Девятый чин - Олег Егоров
Шрифт:
Интервал:
Закладка:
Печорин покосился на драгунского капитана. Лицо того осталось безучастным.
«Я тебя простил, старик, — подумал Никита. — Но не надейся, что я брошусь к тебе в объятия. Чтоб секундант Грушницкого обнимался с Печориным? Такое даже Васюка способно шокировать».
— Я не опоздал? — Рядом с Никитой объявился Кумачев. Под мышкой у него был подозрительный сверток, а в руке — еще более подозрительный стакан.
— Как раз вовремя, — заметил без энтузиазма Брусникин. — Ты стрелять умеешь?
— А в чем интрига?
— Поздравляю, Мишель. — Никита хлопнул его по плечу. — Наконец-то у тебя появился шанс ухлопать этого пидора Зачесова.

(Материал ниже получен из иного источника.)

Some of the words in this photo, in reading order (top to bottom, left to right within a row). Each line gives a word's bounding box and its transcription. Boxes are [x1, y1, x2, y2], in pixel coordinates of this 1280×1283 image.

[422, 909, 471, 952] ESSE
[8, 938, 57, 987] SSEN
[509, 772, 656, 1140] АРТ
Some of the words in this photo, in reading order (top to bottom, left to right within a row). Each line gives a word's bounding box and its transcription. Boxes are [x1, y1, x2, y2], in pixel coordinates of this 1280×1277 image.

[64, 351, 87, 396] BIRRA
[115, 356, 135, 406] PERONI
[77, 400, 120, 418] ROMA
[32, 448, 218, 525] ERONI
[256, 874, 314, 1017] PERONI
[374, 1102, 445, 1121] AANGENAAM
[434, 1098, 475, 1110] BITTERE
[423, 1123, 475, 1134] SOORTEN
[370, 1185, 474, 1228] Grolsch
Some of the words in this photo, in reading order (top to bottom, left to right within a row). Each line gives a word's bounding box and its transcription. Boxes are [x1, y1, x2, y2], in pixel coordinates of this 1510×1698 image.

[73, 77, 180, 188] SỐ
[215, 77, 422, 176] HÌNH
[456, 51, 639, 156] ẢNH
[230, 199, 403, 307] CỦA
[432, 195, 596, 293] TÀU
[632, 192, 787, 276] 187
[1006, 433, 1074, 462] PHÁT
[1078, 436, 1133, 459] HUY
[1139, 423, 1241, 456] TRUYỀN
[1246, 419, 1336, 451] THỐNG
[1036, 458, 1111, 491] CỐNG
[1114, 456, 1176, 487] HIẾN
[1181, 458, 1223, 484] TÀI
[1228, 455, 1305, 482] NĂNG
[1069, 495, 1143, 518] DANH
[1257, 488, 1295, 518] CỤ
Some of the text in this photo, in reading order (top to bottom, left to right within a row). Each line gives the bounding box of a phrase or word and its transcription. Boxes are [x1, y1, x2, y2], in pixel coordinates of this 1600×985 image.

— Сереженька! Больше величия! — докатился до них возглас постановщика.
— Понял, Герман Романович! — Печорин выкатил грудь колесом и двинулся на Метеорова. — Посмотрите, доктор! Видите ли вы на скале справа чернеют две фигуры? Это наши враги!
— Вот оно как? — старый артист, сделав ладонь козырьком, глянул вдаль.
— Чернеют! — режиссер вскочил с кресла. — Черне-ют! А вы что делаете?
Никита с Кумачевым замялись.
— А что мы делаем, Герман Романович? — убирая на всякий случай за спину стакан, поинтересовался Миша.
— Под софитами стоите! — Васюк замахал руками. — Уйдите! В тень уйдите! Зритель должен верить в происходящее!
Грушницкий с драгунским капитаном послушно отступили в тень.
— На сегодня все свободны! — Васюк, сверх меры утомленный приливами вдохновения, повалился в кресло. — Следующая репетиция завтра в девятнадцать! Эра!
Его ассистентка Эра, читавшая во втором ряду журнал, вспорхнула, точно пчелка с клевера.
— Шаманскую ко мне! — распорядился постановщик.
— Я не опоздала? — Княжна Мери, шурша накрахмаленными юбками, во всей красе появилась рядом с приятелями, разливавшими коньяк за тяжелым бархатным занавесом.
— Смотря куда. — Миша протянул ей стакан.
— А это что у вас? — Даря понюхала темную жидкость.
— Нарзан, — заверил ее Кумачев. — Согласно повести все дамы встречаются у минерального первоисточника. Роль помнишь?
— Да. — Безродная выпила сомнительный «нарзан» и задохнулась.
Никита, хлопнув ее по спине, зашипел от боли.
— Это заговор, — сказал он мрачно, глядя на каплю крови, проступившую между линиями жизни и любви.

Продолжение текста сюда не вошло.